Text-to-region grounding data
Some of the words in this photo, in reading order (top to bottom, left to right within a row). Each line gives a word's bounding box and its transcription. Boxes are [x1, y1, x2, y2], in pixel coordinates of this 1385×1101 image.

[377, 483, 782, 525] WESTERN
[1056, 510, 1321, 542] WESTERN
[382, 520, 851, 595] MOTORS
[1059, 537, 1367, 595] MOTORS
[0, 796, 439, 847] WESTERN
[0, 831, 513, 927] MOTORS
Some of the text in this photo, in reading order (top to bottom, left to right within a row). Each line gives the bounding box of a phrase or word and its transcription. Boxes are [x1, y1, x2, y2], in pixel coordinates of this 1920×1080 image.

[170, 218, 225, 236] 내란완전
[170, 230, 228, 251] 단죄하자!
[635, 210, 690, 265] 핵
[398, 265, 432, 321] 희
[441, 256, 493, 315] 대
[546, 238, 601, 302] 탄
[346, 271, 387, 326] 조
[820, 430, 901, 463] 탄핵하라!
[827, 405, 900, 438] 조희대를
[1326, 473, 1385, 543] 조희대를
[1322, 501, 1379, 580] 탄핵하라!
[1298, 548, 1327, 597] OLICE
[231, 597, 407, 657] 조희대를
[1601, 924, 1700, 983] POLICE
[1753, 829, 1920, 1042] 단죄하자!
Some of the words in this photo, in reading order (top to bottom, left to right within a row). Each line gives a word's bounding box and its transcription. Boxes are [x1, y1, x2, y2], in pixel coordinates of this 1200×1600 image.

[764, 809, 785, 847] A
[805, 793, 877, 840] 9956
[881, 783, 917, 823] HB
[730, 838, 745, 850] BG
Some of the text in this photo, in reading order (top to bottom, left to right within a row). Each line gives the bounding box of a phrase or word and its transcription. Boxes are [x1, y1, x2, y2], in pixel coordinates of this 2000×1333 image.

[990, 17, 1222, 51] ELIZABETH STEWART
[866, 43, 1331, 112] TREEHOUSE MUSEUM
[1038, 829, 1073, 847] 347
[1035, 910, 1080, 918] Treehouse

* [What is required] Every line from the one that contains "this 1200×1600 image." down to and including the last line of the records above must be set down exactly, with nothing else.

* [Exercise result]
Some of the words in this photo, in reading order (top to bottom, left to right within a row). Each line gives a word's bounding box and its transcription. Boxes are [x1, y1, x2, y2], in pixel coordinates of this 1200×1600 image.

[764, 809, 785, 847] A
[805, 793, 877, 840] 9956
[881, 783, 917, 823] HB
[730, 838, 745, 850] BG
Some of the text in this photo, in reading order (top to bottom, left to right within a row). Each line gives the bounding box of a phrase or word and its transcription. Boxes are [x1, y1, x2, y2], in pixel coordinates of this 2000×1333 image.

[990, 17, 1222, 51] ELIZABETH STEWART
[866, 43, 1331, 112] TREEHOUSE MUSEUM
[1038, 829, 1073, 847] 347
[1035, 910, 1080, 918] Treehouse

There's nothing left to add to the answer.